[[ SUPPLIED DATA, beginning ]]
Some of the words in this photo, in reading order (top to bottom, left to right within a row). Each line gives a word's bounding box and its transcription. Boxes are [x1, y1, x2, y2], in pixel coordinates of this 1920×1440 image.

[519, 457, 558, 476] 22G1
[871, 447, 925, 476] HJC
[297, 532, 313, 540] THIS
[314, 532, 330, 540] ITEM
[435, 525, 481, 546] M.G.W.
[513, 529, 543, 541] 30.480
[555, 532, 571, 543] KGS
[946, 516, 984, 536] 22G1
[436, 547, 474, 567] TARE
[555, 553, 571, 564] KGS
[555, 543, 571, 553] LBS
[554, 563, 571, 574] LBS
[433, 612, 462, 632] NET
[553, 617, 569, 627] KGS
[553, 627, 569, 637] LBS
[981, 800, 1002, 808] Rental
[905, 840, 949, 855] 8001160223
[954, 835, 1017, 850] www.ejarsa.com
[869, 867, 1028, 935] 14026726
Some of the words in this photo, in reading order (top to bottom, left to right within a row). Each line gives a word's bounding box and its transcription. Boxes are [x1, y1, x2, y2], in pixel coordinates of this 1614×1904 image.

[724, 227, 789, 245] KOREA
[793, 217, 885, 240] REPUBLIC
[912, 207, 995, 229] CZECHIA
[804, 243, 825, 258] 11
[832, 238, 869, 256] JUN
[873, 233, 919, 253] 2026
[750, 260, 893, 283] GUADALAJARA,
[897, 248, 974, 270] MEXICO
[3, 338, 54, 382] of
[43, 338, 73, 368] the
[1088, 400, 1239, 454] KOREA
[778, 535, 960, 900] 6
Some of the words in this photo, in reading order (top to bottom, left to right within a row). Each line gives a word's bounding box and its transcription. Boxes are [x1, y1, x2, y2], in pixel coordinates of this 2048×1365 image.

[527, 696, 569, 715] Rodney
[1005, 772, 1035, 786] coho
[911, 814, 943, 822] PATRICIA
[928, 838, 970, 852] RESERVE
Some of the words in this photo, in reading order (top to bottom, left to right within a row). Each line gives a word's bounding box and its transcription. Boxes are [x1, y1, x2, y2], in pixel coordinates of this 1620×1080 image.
[[ SUPPLIED DATA, end ]]
→ ACTIVITY: Repeat the whole listing exactly. Leave nothing out.

→ EXERCISE RESULT:
Some of the words in this photo, in reading order (top to bottom, left to right within a row). Each line gives a word's bounding box and its transcription. Boxes are [x1, y1, x2, y2], in pixel coordinates of this 1920×1440 image.

[519, 457, 558, 476] 22G1
[871, 447, 925, 476] HJC
[297, 532, 313, 540] THIS
[314, 532, 330, 540] ITEM
[435, 525, 481, 546] M.G.W.
[513, 529, 543, 541] 30.480
[555, 532, 571, 543] KGS
[946, 516, 984, 536] 22G1
[436, 547, 474, 567] TARE
[555, 553, 571, 564] KGS
[555, 543, 571, 553] LBS
[554, 563, 571, 574] LBS
[433, 612, 462, 632] NET
[553, 617, 569, 627] KGS
[553, 627, 569, 637] LBS
[981, 800, 1002, 808] Rental
[905, 840, 949, 855] 8001160223
[954, 835, 1017, 850] www.ejarsa.com
[869, 867, 1028, 935] 14026726
Some of the words in this photo, in reading order (top to bottom, left to right within a row). Each line gives a word's bounding box and its transcription. Boxes are [x1, y1, x2, y2], in pixel coordinates of this 1614×1904 image.

[724, 227, 789, 245] KOREA
[793, 217, 885, 240] REPUBLIC
[912, 207, 995, 229] CZECHIA
[804, 243, 825, 258] 11
[832, 238, 869, 256] JUN
[873, 233, 919, 253] 2026
[750, 260, 893, 283] GUADALAJARA,
[897, 248, 974, 270] MEXICO
[3, 338, 54, 382] of
[43, 338, 73, 368] the
[1088, 400, 1239, 454] KOREA
[778, 535, 960, 900] 6
Some of the words in this photo, in reading order (top to bottom, left to right within a row). Each line gives a word's bounding box and its transcription. Boxes are [x1, y1, x2, y2], in pixel coordinates of this 2048×1365 image.

[527, 696, 569, 715] Rodney
[1005, 772, 1035, 786] coho
[911, 814, 943, 822] PATRICIA
[928, 838, 970, 852] RESERVE
Some of the words in this photo, in reading order (top to bottom, left to right within a row). Each line gives a word's bounding box and its transcription. Boxes are [x1, y1, x2, y2], in pixel coordinates of this 1620×1080 image.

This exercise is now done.